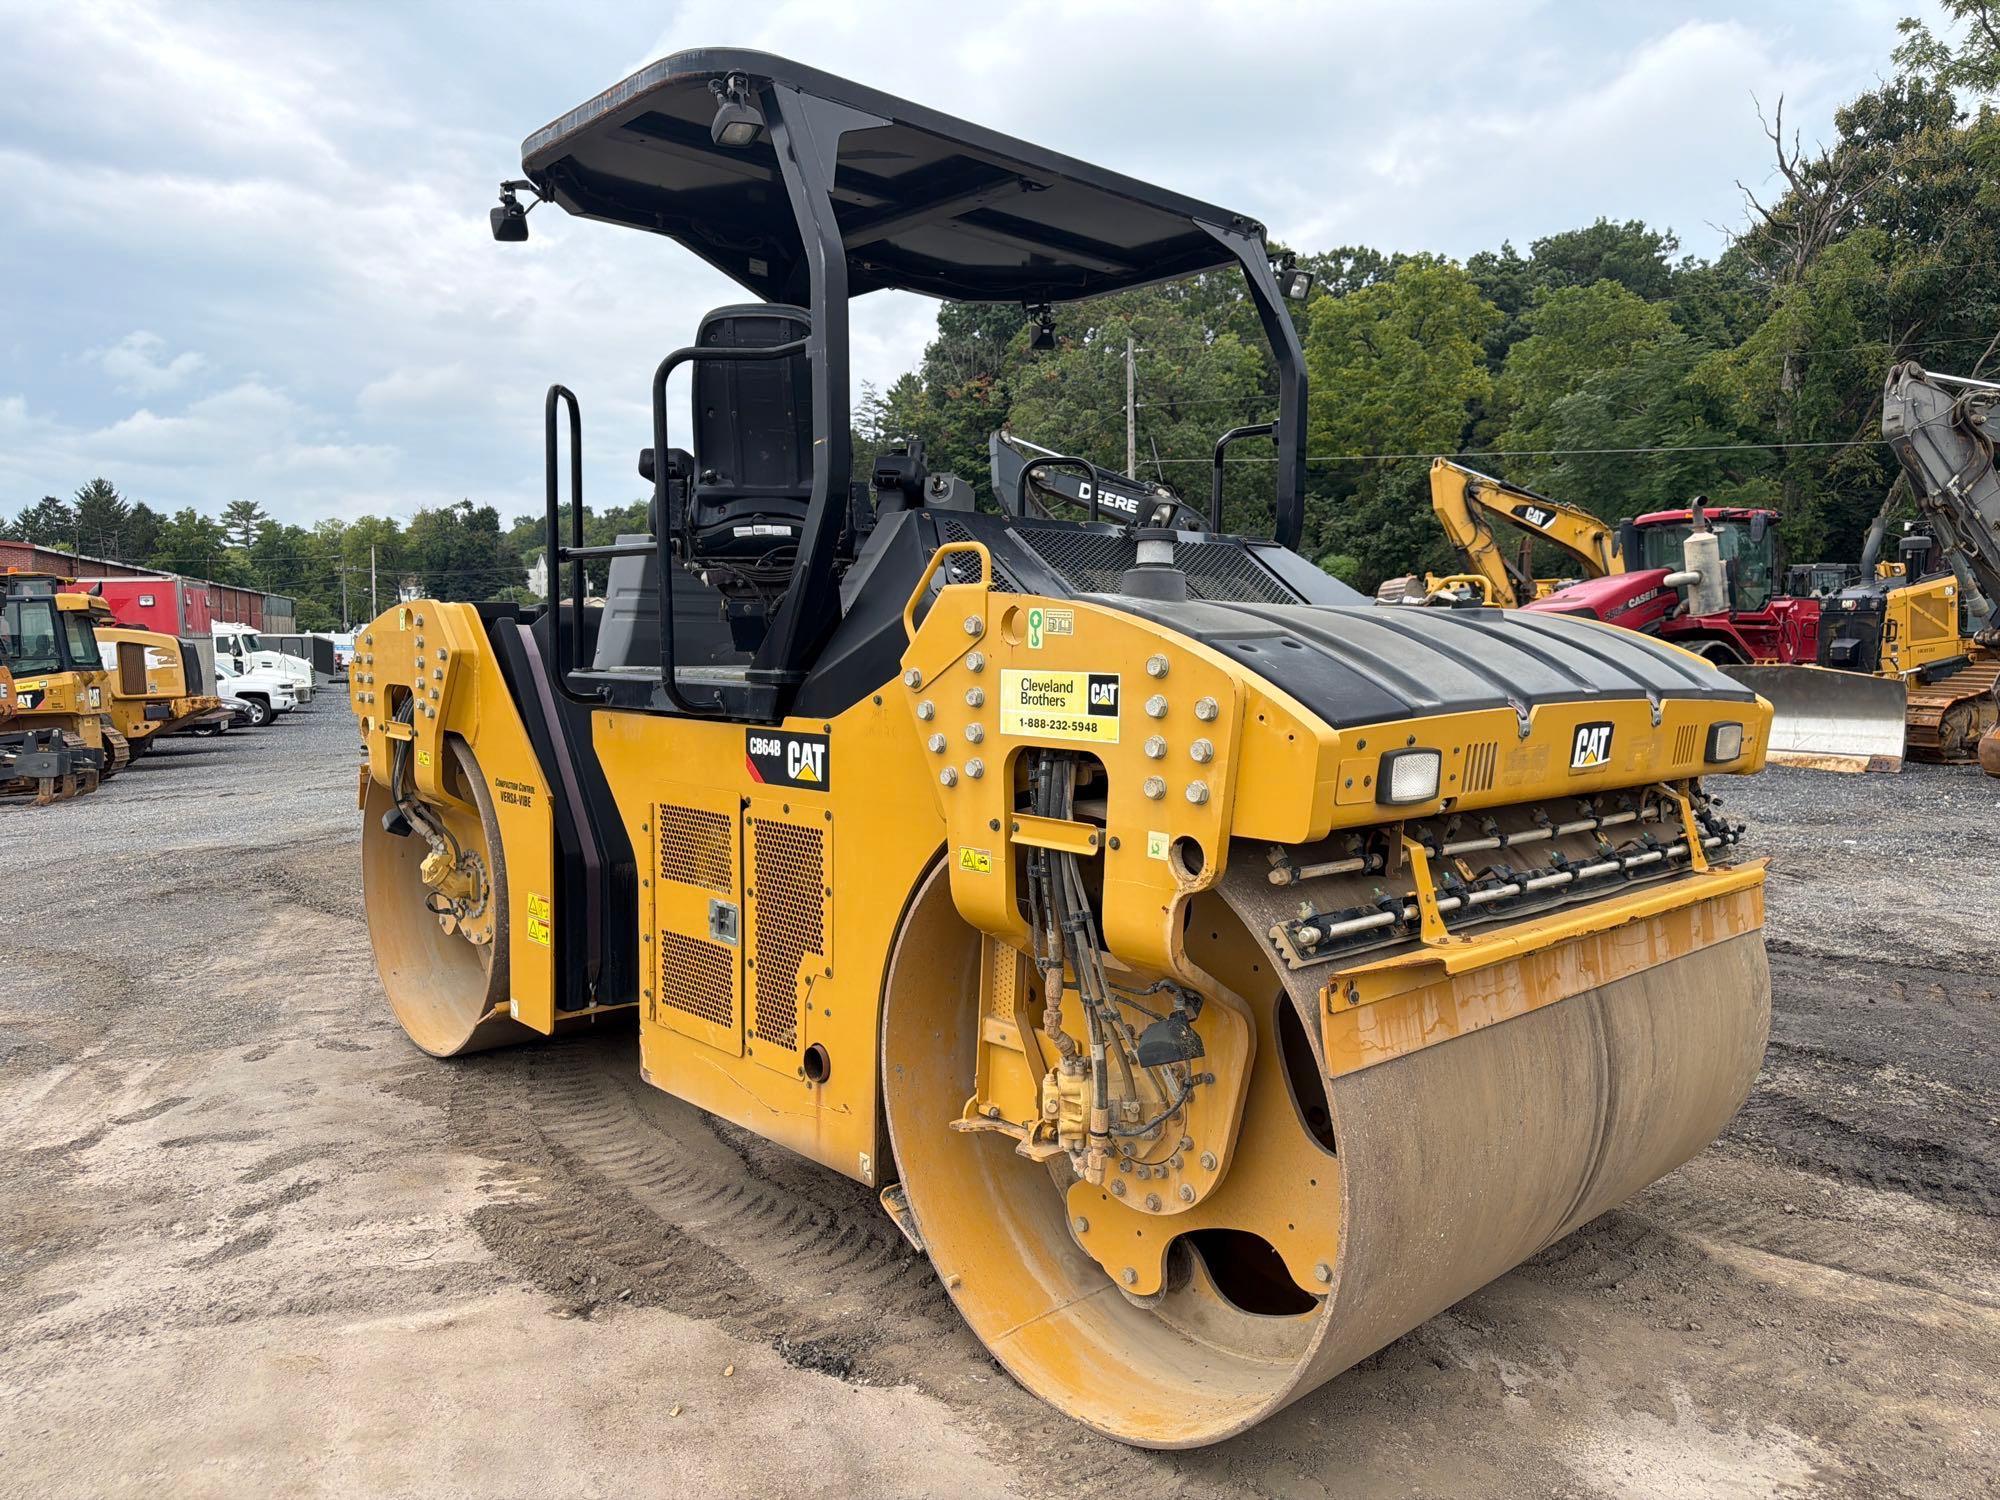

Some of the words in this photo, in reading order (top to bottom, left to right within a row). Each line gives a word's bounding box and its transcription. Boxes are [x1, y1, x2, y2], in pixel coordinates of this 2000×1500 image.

[1078, 482, 1139, 514] DEERE
[1525, 506, 1547, 526] CAT
[1628, 591, 1651, 608] CASE
[1020, 678, 1074, 694] Cleveland
[1090, 683, 1118, 706] CAT
[17, 694, 33, 709] AT
[88, 688, 100, 708] CAT
[1020, 691, 1066, 708] Brothers
[1019, 718, 1098, 733] 1-888-232-5948
[1573, 727, 1611, 766] CAT
[749, 737, 781, 757] CB64B
[787, 740, 825, 782] CAT
[500, 791, 531, 808] VERSA-VIBE
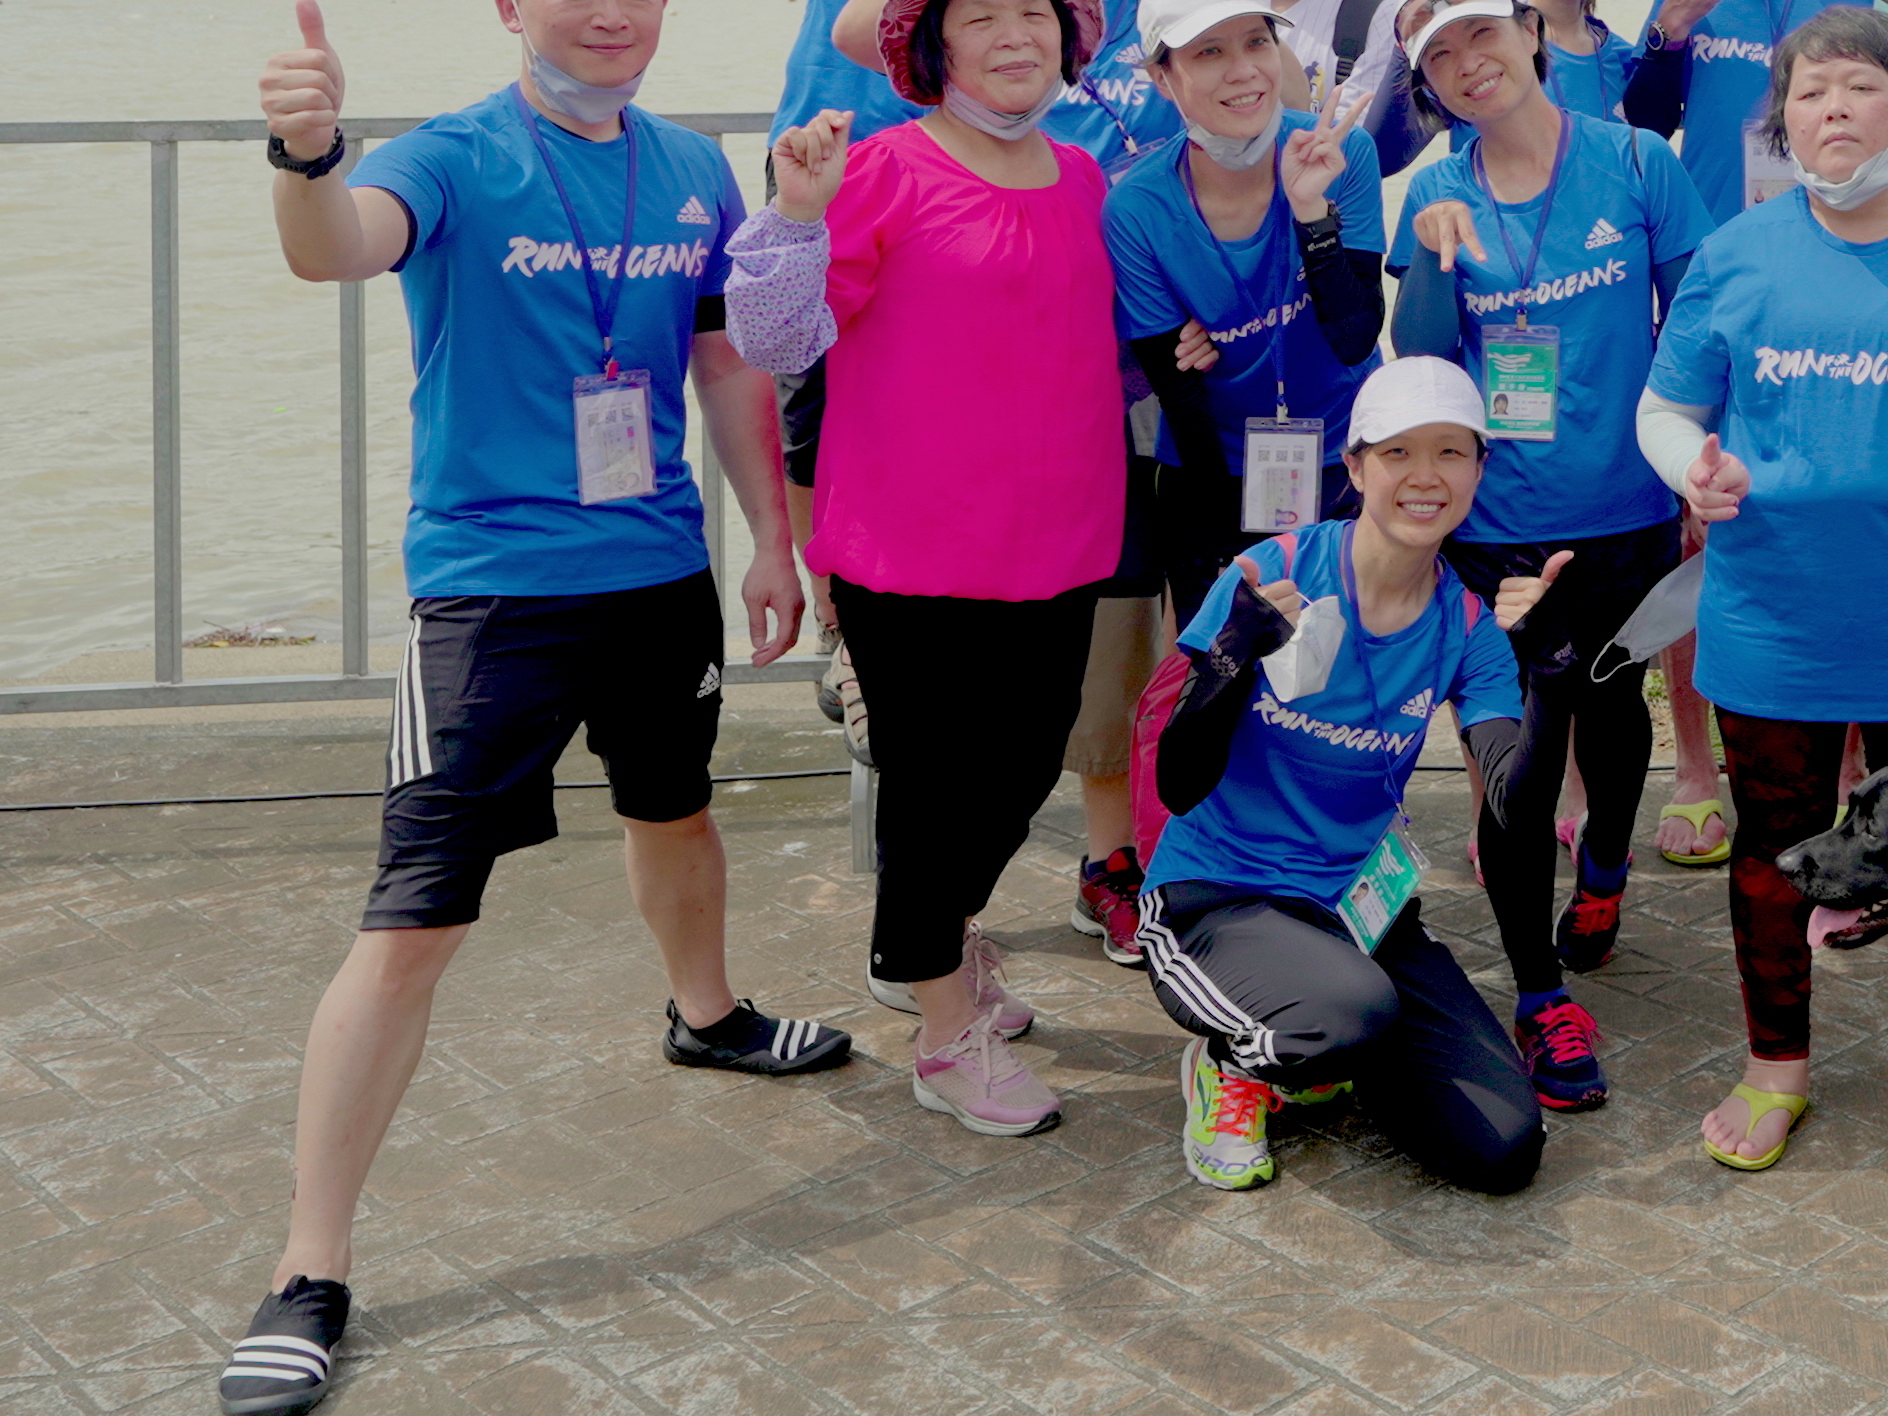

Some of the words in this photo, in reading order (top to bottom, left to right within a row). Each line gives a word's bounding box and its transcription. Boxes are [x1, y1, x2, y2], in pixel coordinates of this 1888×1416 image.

[1692, 33, 1747, 63] RUN
[501, 235, 583, 278] RUN
[1584, 232, 1623, 250] adidas
[1464, 290, 1515, 316] RUN
[1535, 258, 1628, 305] OCEANS
[1209, 322, 1250, 343] UN
[1754, 346, 1827, 385] RUN
[1252, 691, 1315, 735] RUN
[1329, 724, 1417, 755] OCEAN
[1400, 703, 1436, 719] adid

* * * * * * * * *

The reply must consist solely of the lines from the one containing "this 1888×1416 image." through the last line in the material above, reproduced exactly.

Some of the words in this photo, in reading order (top to bottom, left to right within a row). Each line gives a word's bounding box and its transcription. Boxes are [x1, y1, x2, y2], in pixel coordinates of this 1888×1416 image.

[1692, 33, 1747, 63] RUN
[501, 235, 583, 278] RUN
[1584, 232, 1623, 250] adidas
[1464, 290, 1515, 316] RUN
[1535, 258, 1628, 305] OCEANS
[1209, 322, 1250, 343] UN
[1754, 346, 1827, 385] RUN
[1252, 691, 1315, 735] RUN
[1329, 724, 1417, 755] OCEAN
[1400, 703, 1436, 719] adid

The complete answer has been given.